Punta Cana is the biggest tourism destination in the Dominican Republic, and the third biggest in the Caribbean, attracting more than 2 million visitors a year. What began as a hotel development in the early 1970s has grown to include the Grupo Punta Resort and Club, Punta Cana International Airport, Punta Cana Ecological Foundation, and Punta Cana Community Foundation, among other destination attractions and real-estate developments. The project involved building an entire infrastructure in a region of the country that was not previously developed at all.

Grupo PUNTACANA built the first privately owned international airport in the world, as well as a flourishing town where middle-income families and workers live in their own homes and are provided with medical services, a fire department, security, paved roads, water and sewage services, electricity and garbage disposal.

PUNTACANA was also the first resort in the region to construct a water treatment facility. Freshwater used in the resort is treated through the use of anaerobic digestion and settling ponds instead of harsh chemicals. It is then recycled for irrigation of green areas. Potable water is also monitored for quality and safety.
The group built its own industrial laundry facility to handle laundry, not only for its own resort but also for other independent hotels in the area. The machines are powered by heat energy from steam generated in an adjacent electric power plant to conserve electricity. The industrial laundry facility uses that steam in the operation of the drying equipment.

The company employs well over 1,700 people, 99% of whom are of regional Dominican origin, and it invests over US$3,085,000 annually to support their corporate social and environmental responsibility initiatives.

Even before sustainability was a word used in the Travel & Tourism industry, Grupo PUNTACANA made a decision to build an airport that reflected the local culture and had a soft environmental footprint. The international airport, which handles major airlines from all around the world, with up to 250 flights a week, used local stone, wood and thatch as building materials. The group made sure the building was no higher than the surrounding trees, and it opted against air-conditioning (for the tropics, this was a radical decision), choosing instead to use large ceiling fans that it had designed to provide adequate air flow. Trees were left growing through the airport building itself, giving a sense of integration with nature.

To service the airport and its resort, PUNTACANA created a recycling centre which processes 2-3 tons daily of plastic, cardboard, paper, bottles, etc. It also created a highly effective water management system that is overseen by an internal environmental quality control department, geographically distributed to minimise pressure on the aquifer. This modern pumping system controls and helps conserve the amount of water used at the resort.

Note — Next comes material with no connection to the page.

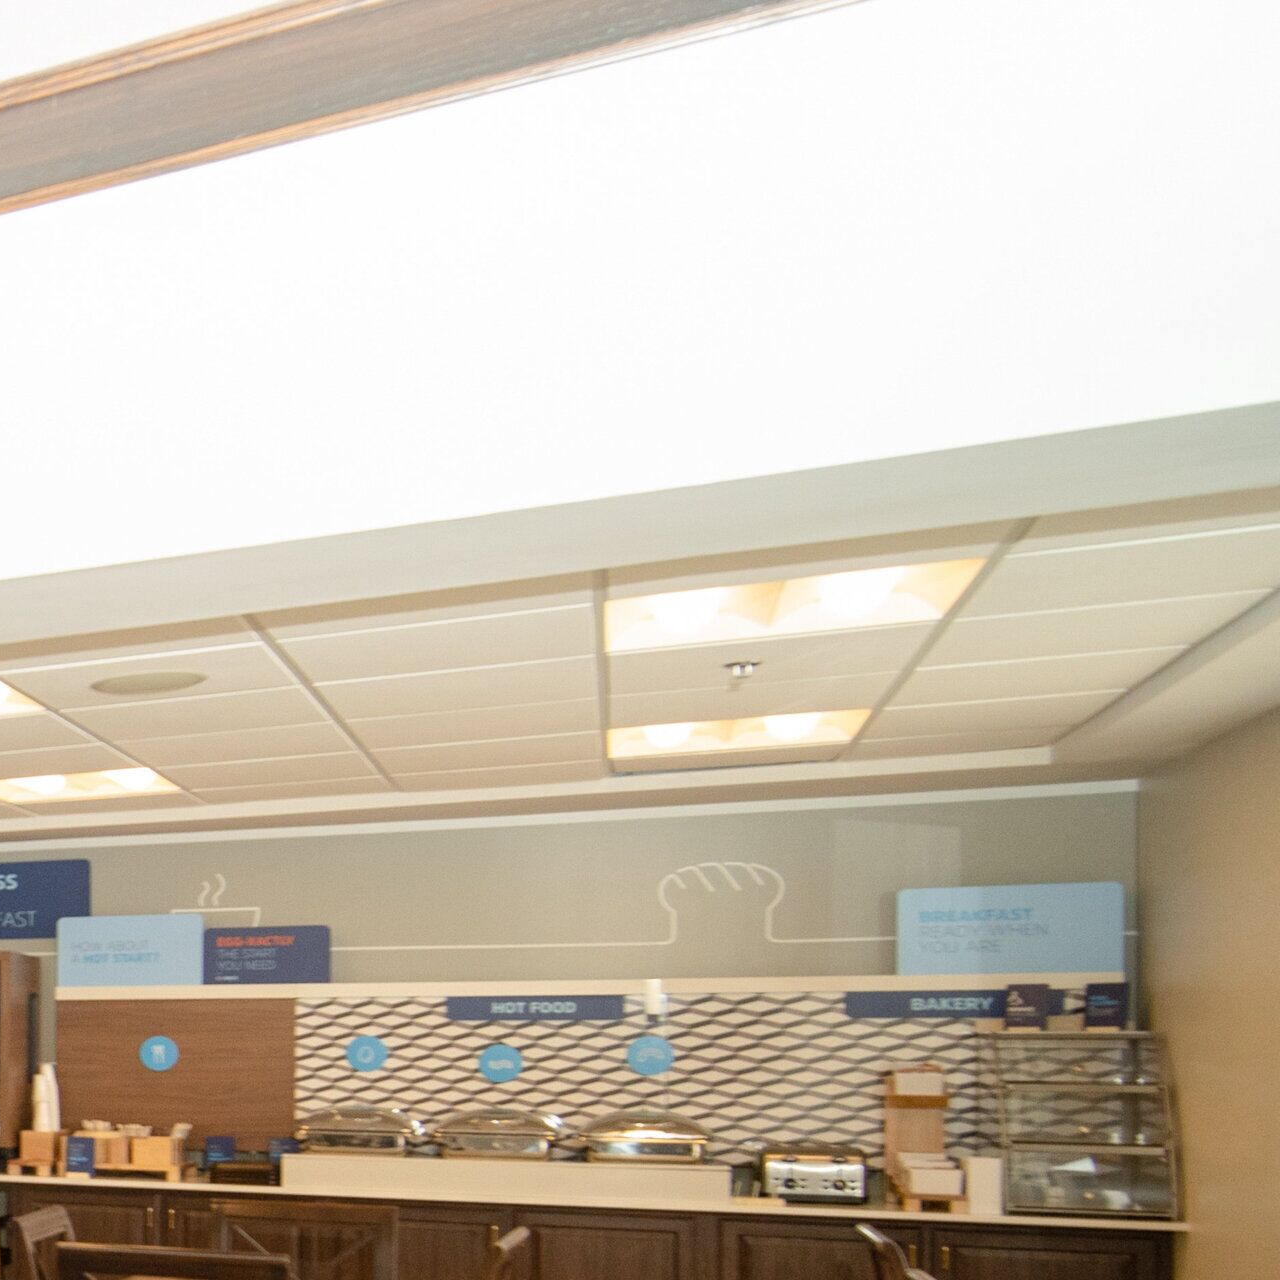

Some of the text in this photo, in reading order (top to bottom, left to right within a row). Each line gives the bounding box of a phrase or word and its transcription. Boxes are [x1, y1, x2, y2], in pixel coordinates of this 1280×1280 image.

[919, 908, 1034, 922] BREAKFAST
[491, 1001, 577, 1014] HOT FOOD
[910, 997, 994, 1012] BAKERY

All water used in the facility is either recycled in the plant operations or treated in the water treatment facility and recycled in irrigation.

PUNTACANA established the first golf course in the Caribbean to use paspalum hybrid grass, which can be irrigated with salt water, further saving ground water resources. This led to a reduction of over a million gallons a year needed for golf course irrigation and led to the adoption of paspalum grass by resorts throughout the Caribbean. To share best practices, PUNTACANA helped to launch the Caribbean Alliance for Sustainable Tourism (CAST), and PUNTACANA’s CEO was its first president and remains on its governing board.

The resort has also developed the Partnership for Ecologically Sustainable Coastal Areas. This project is a public-private partnership to protect and restore threatened coral reef ecosystems. The partnership has pioneered eight marine education modules in three schools in the Punta Cana region to teach basic concepts of coastal ecology and conservation. Over 450 local students and 11 teachers have participated in the programme since 2007.

In 2005, as part of its social outreach programmes, Grupo PUNTACANA began working with the nearby Rural Clinic of Verón to improve free healthcare services provided in the region. The clinic is the only primary care facility serving the local community.

To help educate tourists on destination stewardship, guests are encouraged to learn about PUNTACANA’s conservation efforts and sustainable development. The company published a book, A Natural Way of Business: Grupo PUNTACANA, An Unusual Partnership in Sustainable Tourism, which is available to guests in each room. Punta Cana now represents 25% of the foreign exchange for the entire Dominican Republic and has the highest per capita income and lowest level of unemployment in the country.